-------- Data shown
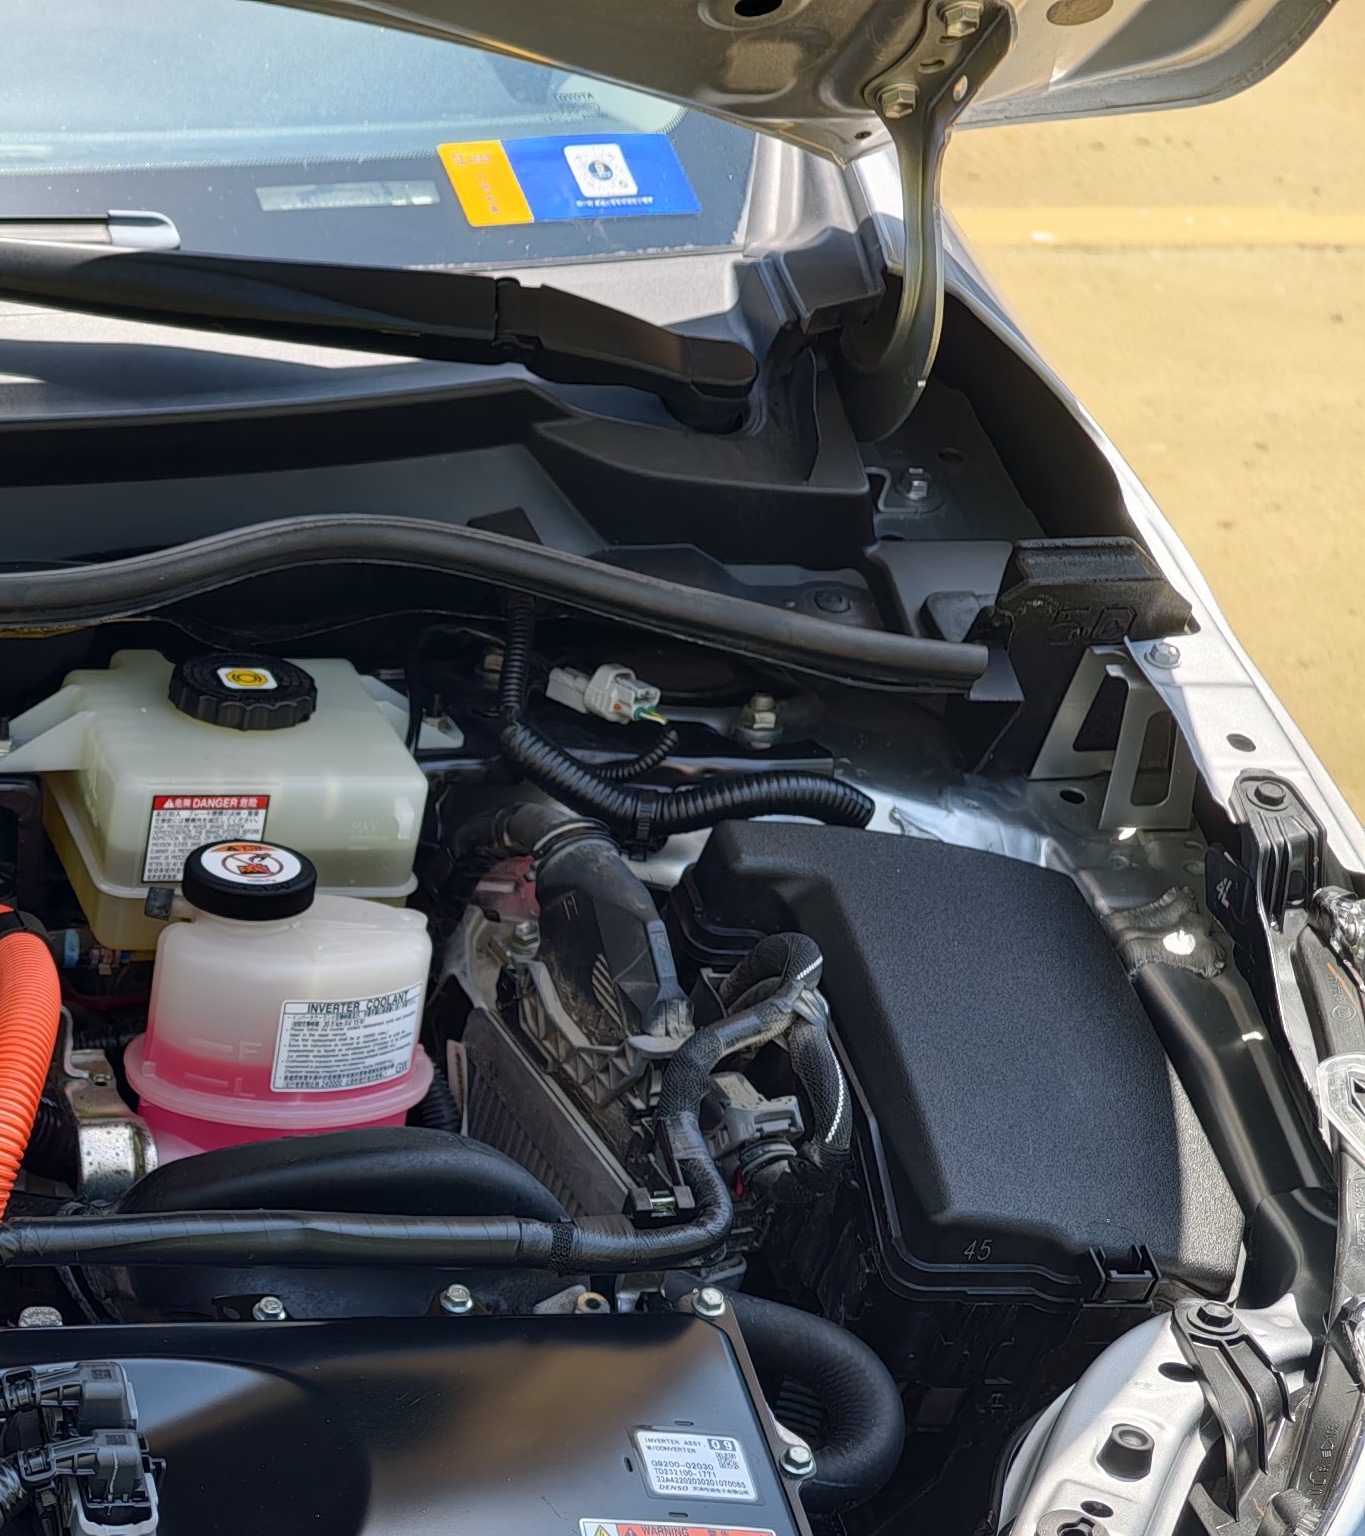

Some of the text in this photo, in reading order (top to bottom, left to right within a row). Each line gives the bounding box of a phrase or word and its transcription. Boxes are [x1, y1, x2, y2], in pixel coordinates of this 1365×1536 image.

[192, 798, 238, 808] DANGER
[308, 990, 409, 1014] INVERTER COOLANT
[238, 1040, 263, 1061] F
[234, 1076, 257, 1098] L
[963, 1239, 993, 1261] 45
[645, 1437, 680, 1445] INVERTER
[646, 1445, 697, 1454] W/CONVERTER
[651, 1460, 714, 1471] G9200-02030
[655, 1468, 717, 1478] TD232100-1771
[659, 1484, 689, 1492] DENSO
[641, 1526, 689, 1536] WARNING
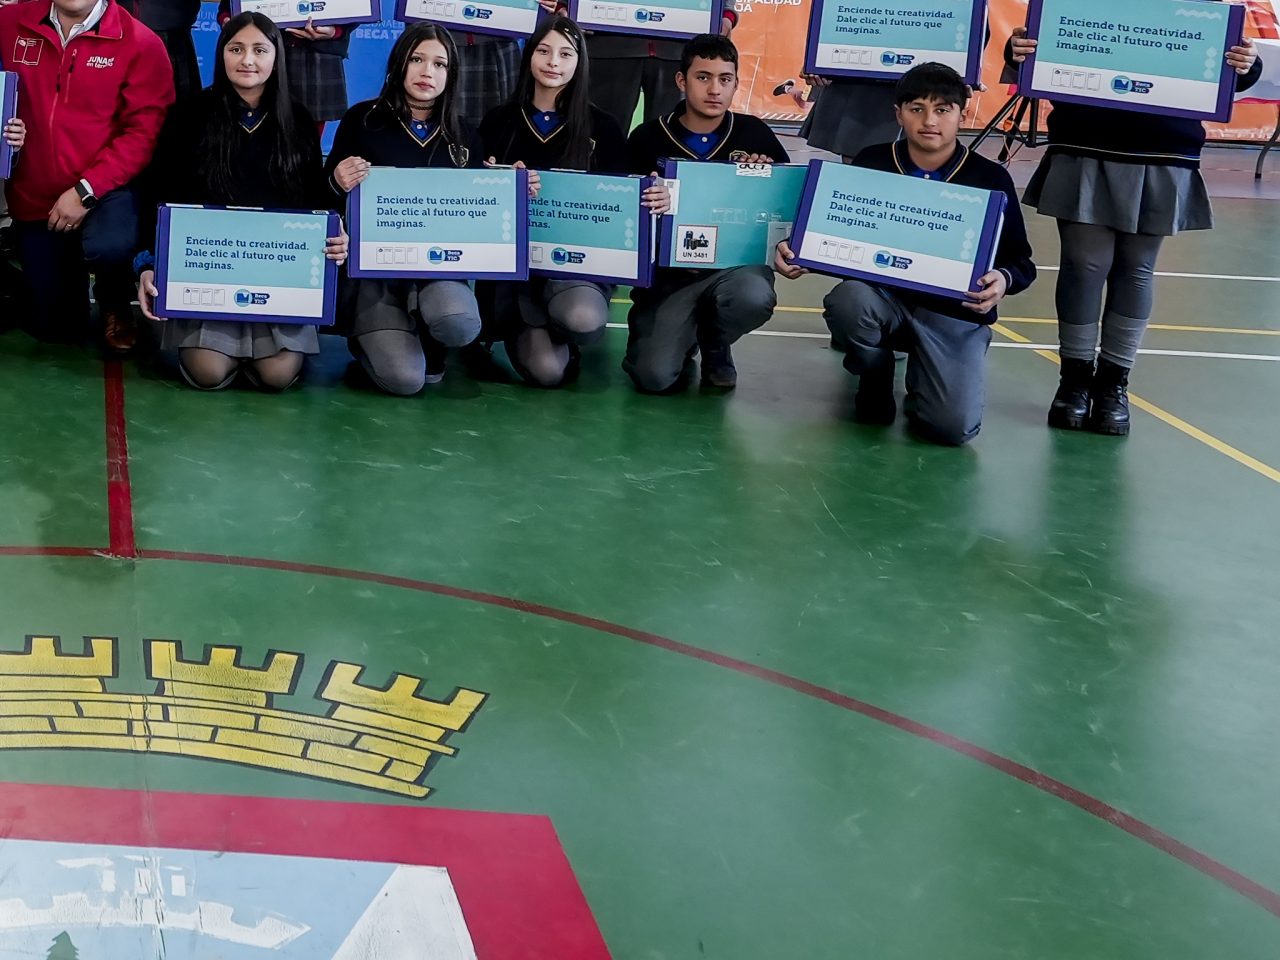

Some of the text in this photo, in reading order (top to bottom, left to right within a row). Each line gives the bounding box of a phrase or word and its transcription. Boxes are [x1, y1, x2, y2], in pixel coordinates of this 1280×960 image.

[838, 5, 882, 15] Enciende
[192, 22, 218, 32] ECA
[837, 15, 858, 23] Dale
[890, 18, 921, 27] futuro
[356, 29, 388, 39] BECA
[1059, 16, 1204, 40] Enciende tu creatividad.
[1058, 28, 1188, 51] Dale clic al futuro que
[1056, 40, 1113, 55] imaginas.
[376, 195, 424, 204] Enciende
[439, 197, 499, 205] creatividad.
[832, 190, 964, 222] Enciende tu creatividad.
[377, 207, 487, 218] Dale clic al futuro que
[829, 201, 949, 231] Dale clic al futuro que
[376, 219, 426, 229] imaginas.
[826, 212, 878, 230] imaginas.
[186, 236, 309, 250] Enciende tu creatividad.
[185, 248, 296, 262] Dale clic al futuro que
[185, 259, 234, 271] imaginas.
----------------
*Your task*:
Begin with the line that contains "this 1280×960 image." and print each line exactly until the data ends, including the last line.

*Result of this task*:
Some of the text in this photo, in reading order (top to bottom, left to right within a row). Each line gives the bounding box of a phrase or word and its transcription. Boxes are [x1, y1, x2, y2], in pixel coordinates of this 1280×960 image.

[838, 5, 882, 15] Enciende
[192, 22, 218, 32] ECA
[837, 15, 858, 23] Dale
[890, 18, 921, 27] futuro
[356, 29, 388, 39] BECA
[1059, 16, 1204, 40] Enciende tu creatividad.
[1058, 28, 1188, 51] Dale clic al futuro que
[1056, 40, 1113, 55] imaginas.
[376, 195, 424, 204] Enciende
[439, 197, 499, 205] creatividad.
[832, 190, 964, 222] Enciende tu creatividad.
[377, 207, 487, 218] Dale clic al futuro que
[829, 201, 949, 231] Dale clic al futuro que
[376, 219, 426, 229] imaginas.
[826, 212, 878, 230] imaginas.
[186, 236, 309, 250] Enciende tu creatividad.
[185, 248, 296, 262] Dale clic al futuro que
[185, 259, 234, 271] imaginas.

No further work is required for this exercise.